Grameen Bank is the only private institution in the world to win the Nobel Prize and the people will not tolerate any move to split it into 19 entities, he said while addressing a reception accorded to him on his winning the Congressional Gold Medal from the United States.
Nobel Joyee Yunus Shuhrid organised the event at the Chittagong centre of Institution of Engineers, Bangladesh, in the afternoon.
Yunus, founder of Grameen Bank, was referring to recent recommendations by a government commission for breaking up microfinance institution in the name of reform.
General borrowers possess 97 percent share of the organisation while the government has the remaining three percent, he said, pointing out that the government required at least 51 percent share to take over GB.
There is no scope of doing it justifiably, Yunus noted.
Dr Yunus also said the poor had no fault that they were suffering from poverty. Rather, it is the faults in the system that makes them poor.
Society has given them less opportunity to thrive and the system has been depriving them, he said, making it clear that a change was necessary.
Prof Yunus addresses a reception accorded to him in Chittagong yesterday on his winning the Congressional Gold Medal from the United States. Photo: Star
Poet and journalist Abul Momen, former vice-chancellor of Chittagong University Prof Alamgir Muhammad Sirajuddin and Prof Mainul Islam also spoke at the session.
Earlier, Dr Yunus addressed young people, especially students of different institutions of Chittagong, at the same venue. The Daily Star Readers Club and Drishti Chittagong jointly organised the programme.
Yunus urged the youths to set their aims and use their creativity and imagination to signify their presence in the world.

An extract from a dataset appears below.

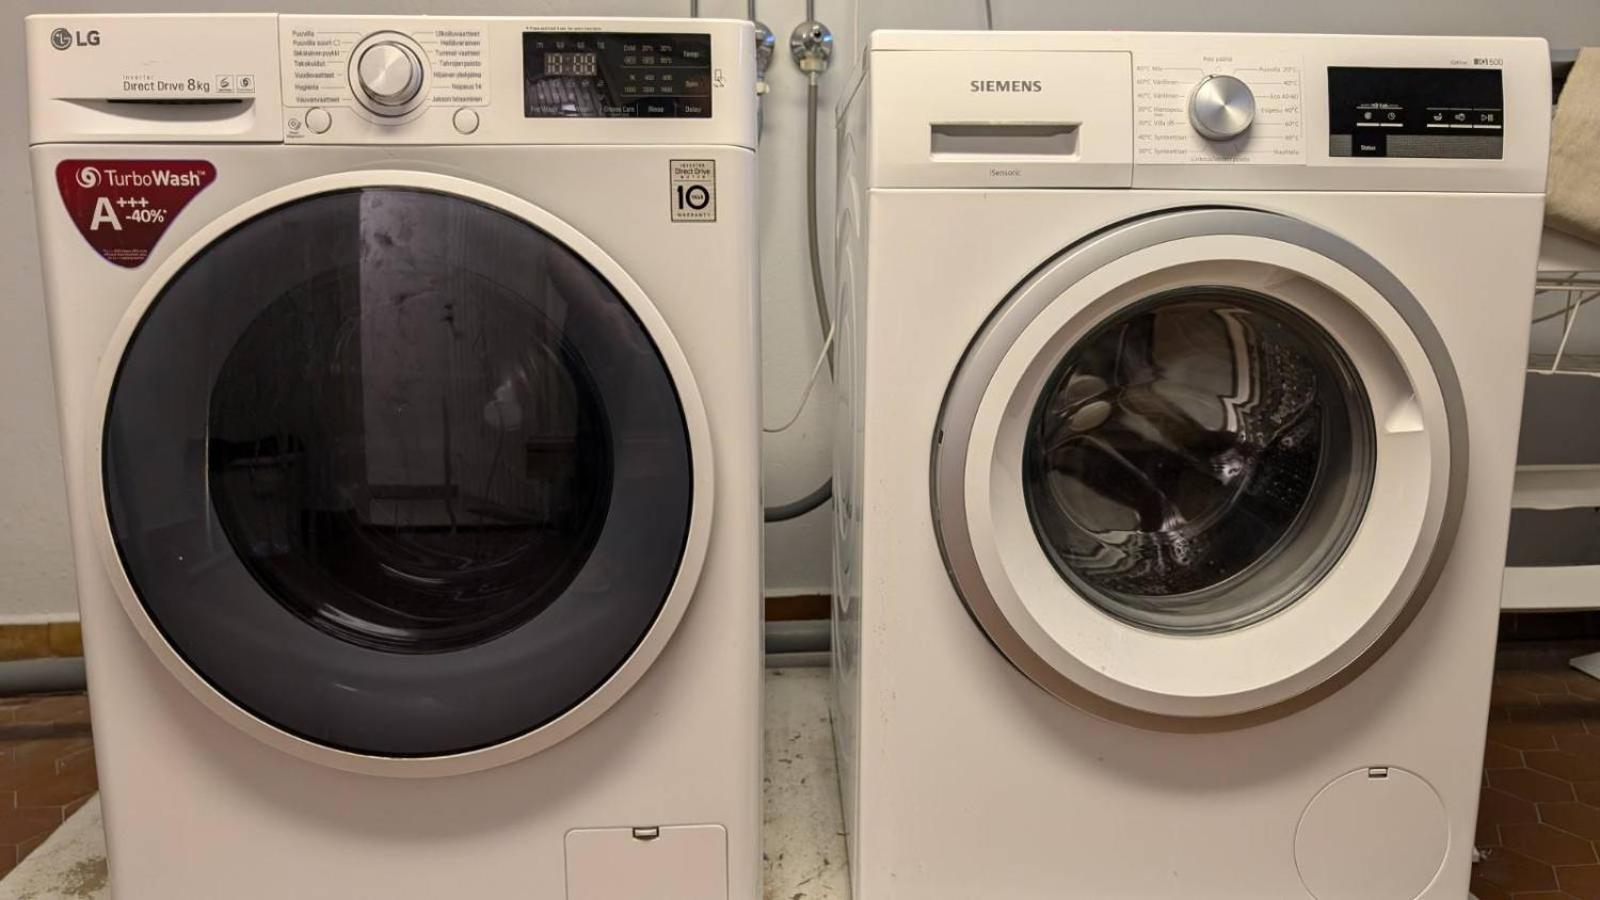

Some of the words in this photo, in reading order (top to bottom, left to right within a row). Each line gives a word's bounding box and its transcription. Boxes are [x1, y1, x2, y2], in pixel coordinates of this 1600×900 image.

He also elaborated on his new concept of social business. Social business, said he, was a business from which investors did not get any profit.
“Poverty cannot be a part of civic society.... Rather its place will be in the museum."
Vice-Chancellor of East Delta University Prof Sikandar Khan presided over the second session while MA Malek, editor of the daily Azadi, presided over the first session.